16:38:53 <Haym_> Haym_ has joined #diw2012
16:39:45 <Karsten> +1 to LarryHunter
16:40:17 <Helena> "all models are wrong, some are useful" - should we be focusing on building models or building the tools that will build those models from the data? 
16:41:16 <Alexander> Alexander has joined #diw2012
16:42:18 <LarryHunter> Building models and creating tools that help people build models (from data or otherwise) are both valuable
16:42:21 <Karsten> I think both fall within the scope
16:43:07 <DavidJensen> Much of theory development is actually a search in representation space, not a search for a good model within a given representation.
16:44:27 <LarryHunter> I object to characterizing Galaxy as a workflow system.  The workflow aspect is not what drove adoption, it's a side benefit.  I think the same will happen when VisTrails gets integrated into Cytoscape
16:45:19 <Helena> knowledge representation models themselves should allow for self-correction based on new facts, like science itself
16:45:36 <DavidJensen> We should consider how well workflows "work" within current non-scientific fields.  If current workflow systems don't work well in some non-scientific fields, we should learn from that.
16:46:44 <PaoloCiccarese> Text extraction can be made more usable by annotation/visualization tools thorugh agreed models for sharing the results 
16:46:44 <LarryHunter> Yes, knowledge bases should be dynamic and updated.  One advantage of formal knowledge representation is that it has the potential not only to capture the most recent publications, but to link new results to existing knowledge
16:47:27 <Helena> i would argue that a paper does not contain "knowledge", it contains interpretation of results
16:47:29 <DavidJensen> Some current uses of IT within science (not to mention the current format of the scientific paper) is about presentation, not discovery.

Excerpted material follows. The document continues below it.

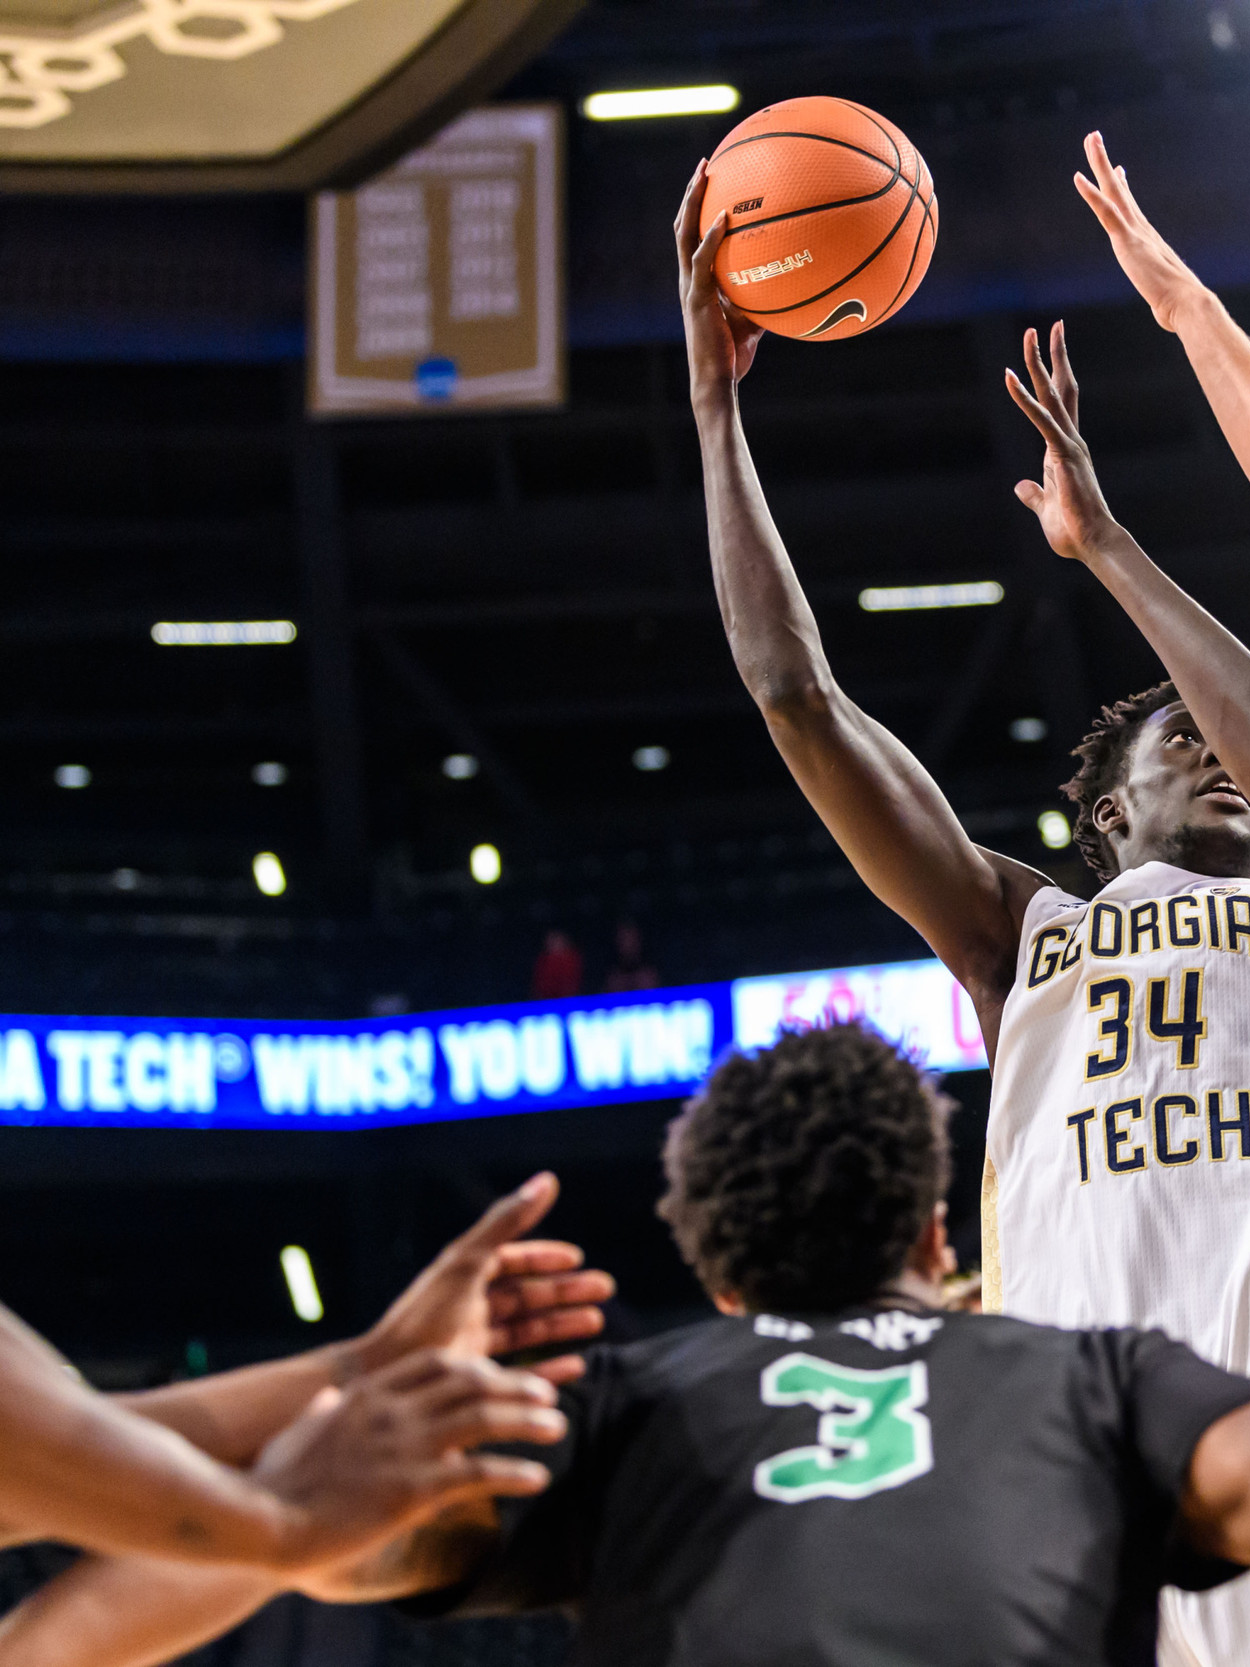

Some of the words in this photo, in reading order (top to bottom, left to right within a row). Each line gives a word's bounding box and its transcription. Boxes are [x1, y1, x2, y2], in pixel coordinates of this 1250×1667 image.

16:47:39 <susan> susan has joined #diw2012
16:47:52 <LizBradley> LizBradley has joined #diw2012
16:48:30 <LarryHunter> +1 for Mariah's comment
16:48:40 <CeciliaAragon_> +1 for Mariah as well
16:48:41 <DavidJensen> ...or, I should say, not about representing the actual discovery workflow.
16:48:52 <HuanLiu> Knowledge representation changes around the wide use of Internet, Web, social media.
16:49:41 <HuanLiu> from a book/article form to a wiki one.
16:51:13 <Helena> a word of caution: if we are collecting our "facts" or knowledge representation from papers, we should be able to clearly distinguish good science from bad science (e.g. http://www.economist.com/node/21528593 about a recent scandal on bad science in a good institution)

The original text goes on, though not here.